Researchers were also able to develop a compound that, in laboratory dish experiments, mimicked the action of the mutation, suggesting it's possible to make drugs that prevent APOE from binding to HSPG.
Dr. Guojun Bu, who studies APOE, said that while the findings involved a single case and more research is needed, the implications could be profound.
"When you have delayed onset of Alzheimer's by three decades, you say wow," said Bu, chairman of the neuroscience department at the Mayo Clinic in Jacksonville, Florida, who was not involved in the study.
He said the research suggests that instead of drugs attacking amyloid or tau, which have failed in many clinical trials, a medication or gene therapy targeting APOE could be promising.
Reiman, who led another newly published study showing that APOE has a bigger impact on a person's risk of getting Alzheimer's than previously thought, said potential treatments could try to reduce or even silence APOE activity in the brain. People born without APOE appear to have no cognitive problems, but they do have very high cholesterol that requires treatment.
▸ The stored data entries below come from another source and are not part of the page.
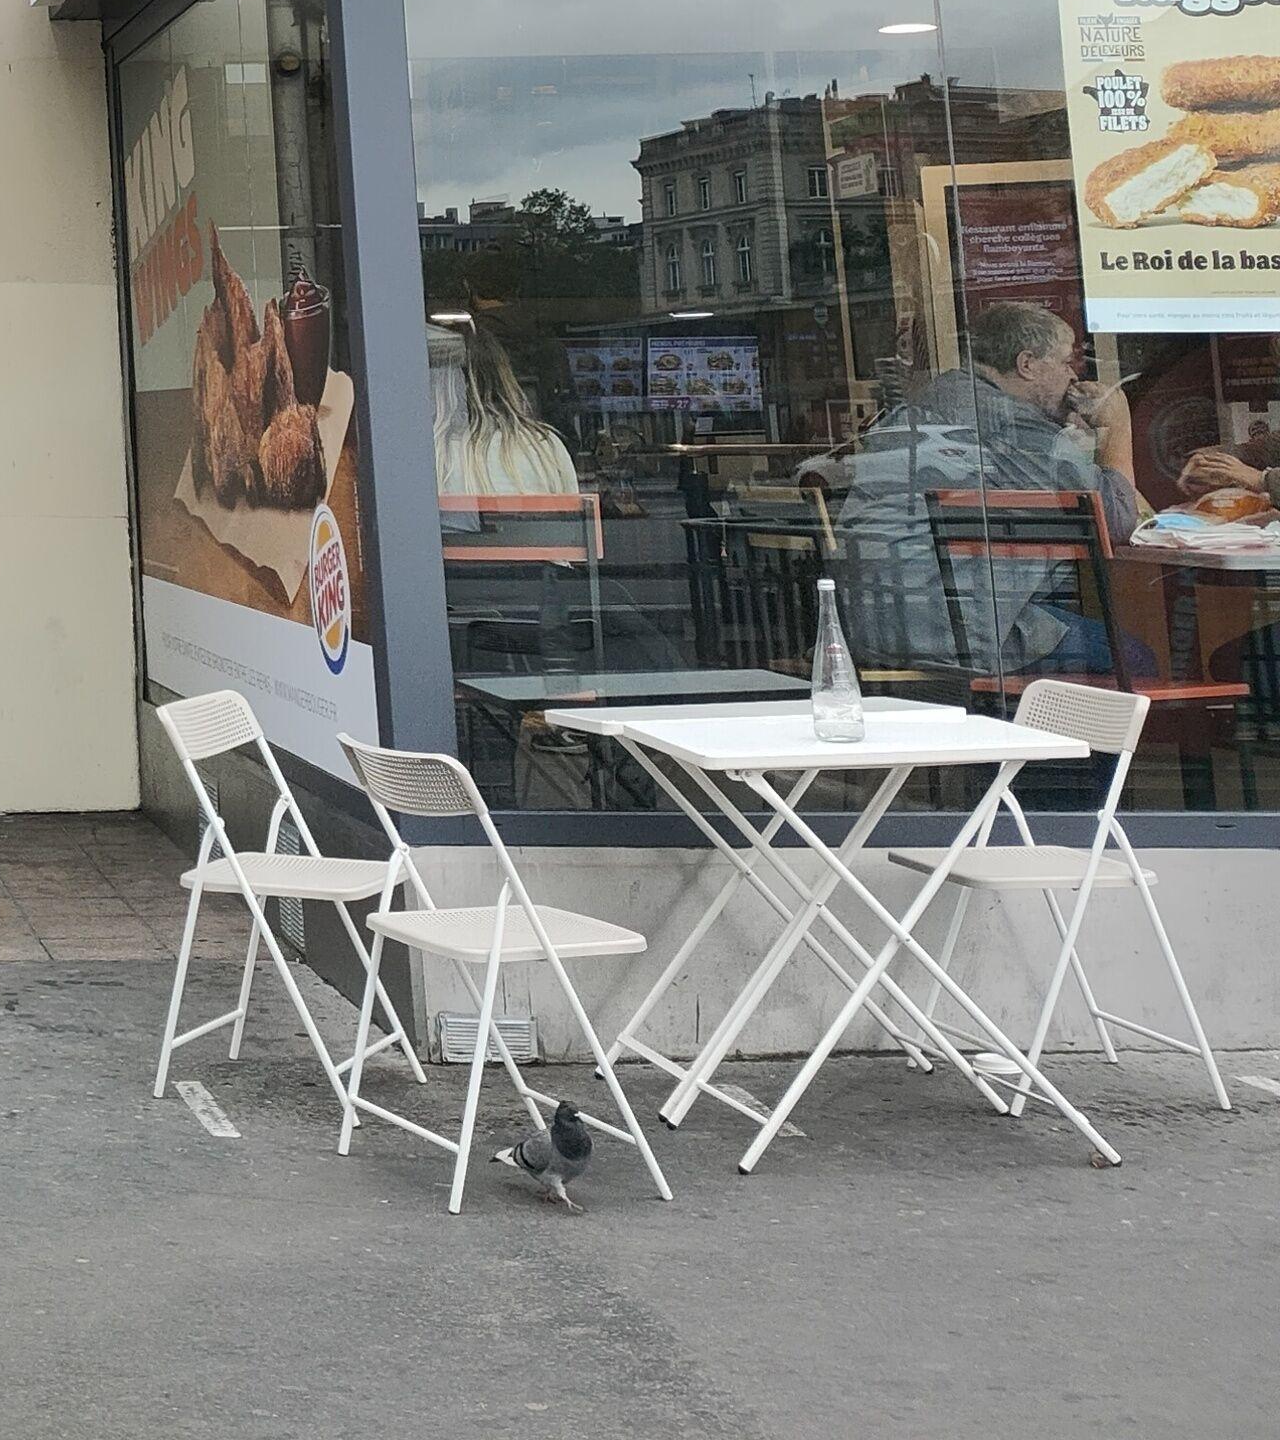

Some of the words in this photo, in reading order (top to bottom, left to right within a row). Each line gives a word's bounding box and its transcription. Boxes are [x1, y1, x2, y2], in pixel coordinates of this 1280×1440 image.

[1080, 26, 1143, 43] NATURE
[1096, 76, 1141, 90] POULET
[1099, 115, 1148, 131] FILETS
[1100, 252, 1128, 271] Le
[1132, 250, 1173, 271] Roi
[1178, 250, 1208, 271] de
[1212, 250, 1236, 271] la
[1239, 250, 1280, 271] bas
[314, 541, 342, 592] BURGER
[317, 569, 344, 631] KING
Huang, who wrote a commentary about the study and is affiliated with two companies focusing on potential APOE-related treatments, said the findings also challenge a leading Alzheimer's theory about the role of amyloid.
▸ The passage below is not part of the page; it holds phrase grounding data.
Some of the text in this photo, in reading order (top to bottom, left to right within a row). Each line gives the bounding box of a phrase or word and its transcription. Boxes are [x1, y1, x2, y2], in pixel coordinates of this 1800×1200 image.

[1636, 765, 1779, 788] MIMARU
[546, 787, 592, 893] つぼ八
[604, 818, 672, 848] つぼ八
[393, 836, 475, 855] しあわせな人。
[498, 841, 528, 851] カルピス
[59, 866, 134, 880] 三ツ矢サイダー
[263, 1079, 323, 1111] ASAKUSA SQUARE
Since the woman had huge amounts of amyloid but few other Alzheimer's indicators, "it actually illustrates, to my knowledge for the first time, a very clear dissociation of amyloid accumulation from tau pathology, neurodegeneration and even cognitive decline," he said.
Lopera said the woman is just beginning to develop dementia, and he recently disclosed her genetic profile to her four adult children, who each have only one copy of the Christchurch mutation.
The researchers are also evaluating a few other members of the Colombian family, who appear to also have some resistance to Alzheimer's. They are not as old as the woman, and they do not have the Christchurch mutation, but the team hopes to find other genetic factors from studying them and examine whether those factors operate along the same or different biological pathways, Reiman said.
"We've learned that at least one individual can live for very long having the cause of Alzheimer's, and she's resistant to it," Arboleda-Velasquez said. "What this patient is teaching is there could be a pathway for correcting the disease."